Contestant # 3: Brian of Nazareth (Arbroath)
"He's not the messiah, he's a very naughty boy!" is something that, quite frankly, we had to get out of the way early on this one. Given charge of a side recently relegated to the depths of division two, 'Brian' might find himself with a squad strong enough to push towards the upper reaches of the table. Then again, he might find that his utter lack of managerial skills could see him booted out of both club and story in the early stages.

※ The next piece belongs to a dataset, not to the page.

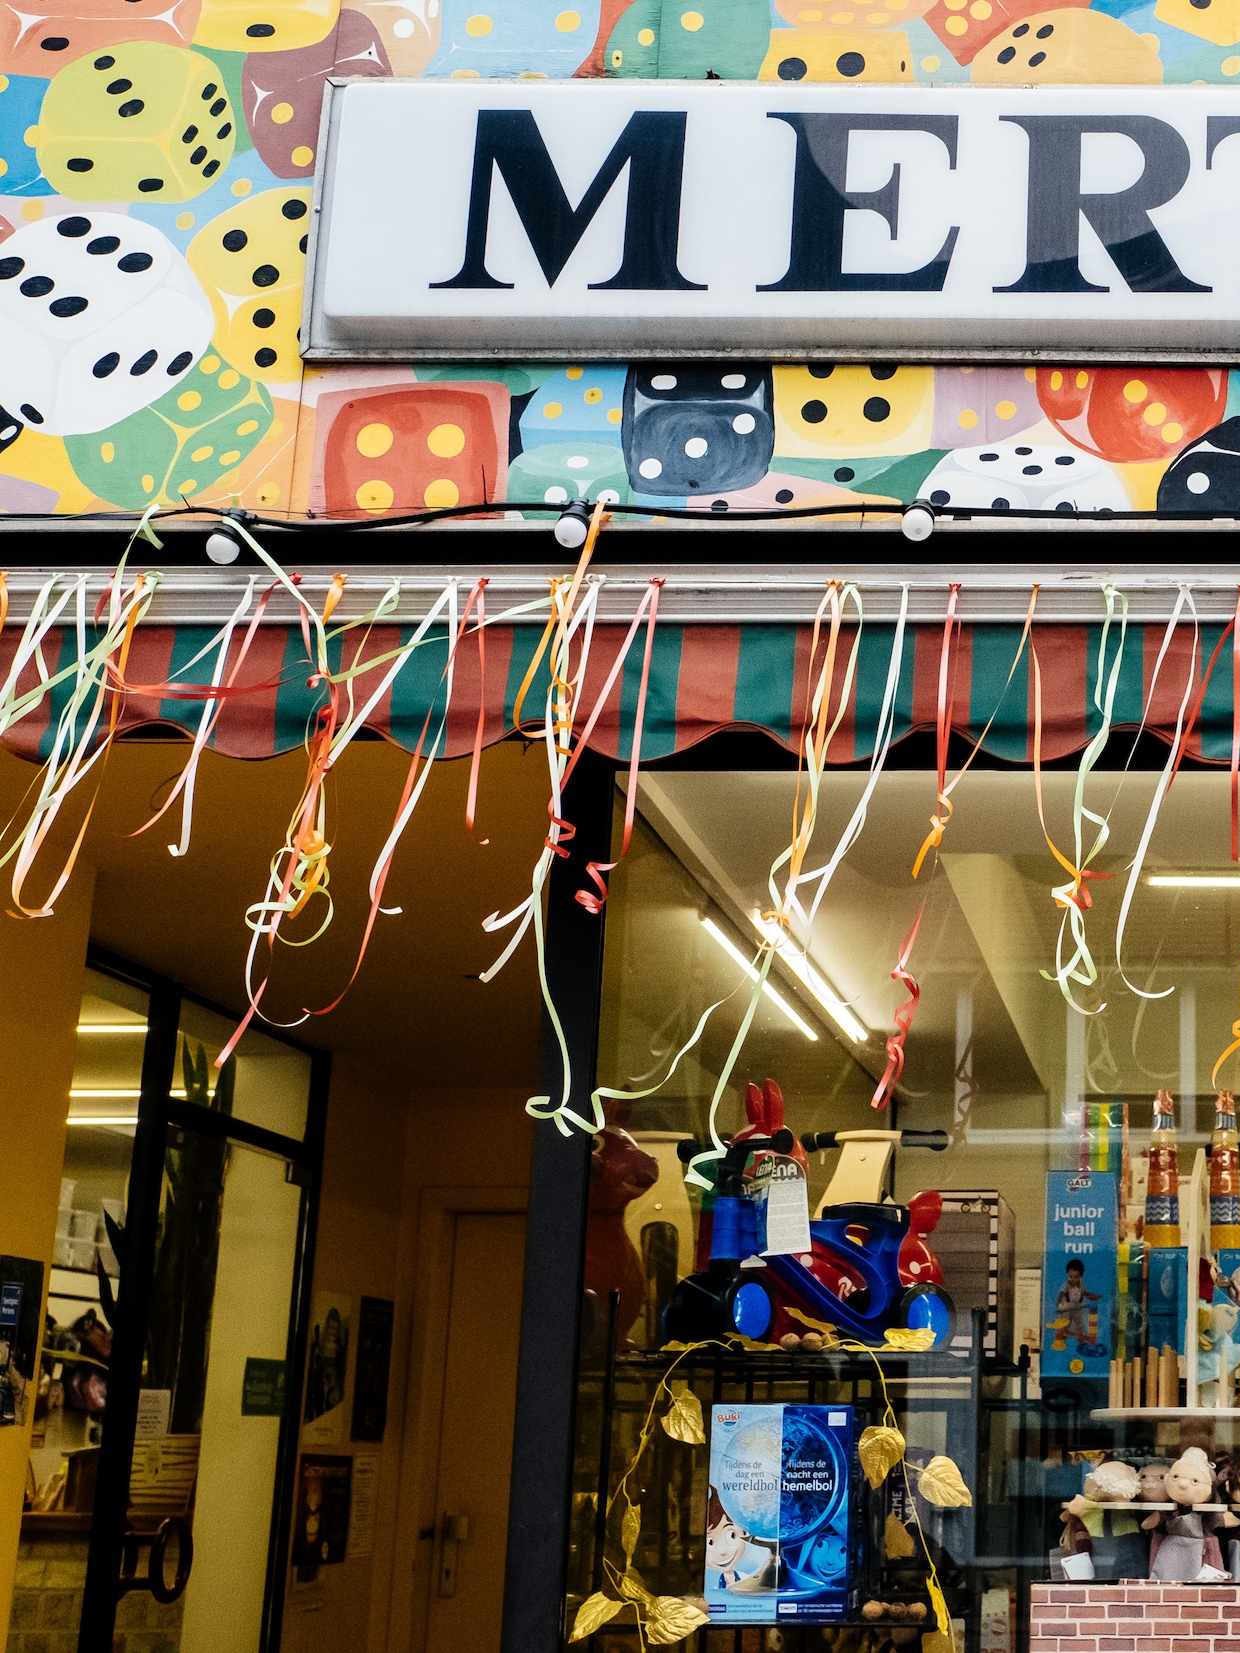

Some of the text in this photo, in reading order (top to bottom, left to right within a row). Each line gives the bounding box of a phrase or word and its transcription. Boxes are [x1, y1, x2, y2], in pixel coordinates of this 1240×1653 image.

COntestant # 4: Dark_Soccer (Albion)
The first of our third division contestants, D_S has been handed control of the perennially shît Albion Rovers. Saved time after time by the mere fact that there is no relegation out of the Scottish league system, Albion were surely the team in mind when the chant "You're shîte, and you know you are" was first sung. As his side will most likely by floundering in the bottom places of the bottom division, Dark_Soccer has been installed by PM7onlinebetting as firm favourite to be voted off as the first weakest link.
Contestant # 5: displaced_seagull (Elgin)
Placed as far away as possible from Brighton, d_s might not be too happy with the club he was given. But he could find solice in the fact that, relative to this level of competition, he has a few decent players at his disposlal such as striker Alex Bone. AN outside bet for promotion, 2003's CMSer of the Year should be safe from the first eviction at least. But then again, the amount of peverse people that inhabit FMS, they could decide that they find success just as abhorrent as failure and vote him off for that. You just never know with this bunch of wierdos.
Erm but seriously, yes this takes a lot of hard work so good luck. And thanks for not making me go Baaa Baaa, even though I just did. So erm, well looking forward to tbis
Arbroath \o/ How did you know? Now to get the best out of Eddie Forrest and Brownlie again. Now to bring back some pride to the region Enough of this declaration ******** we want to be known for tha' football!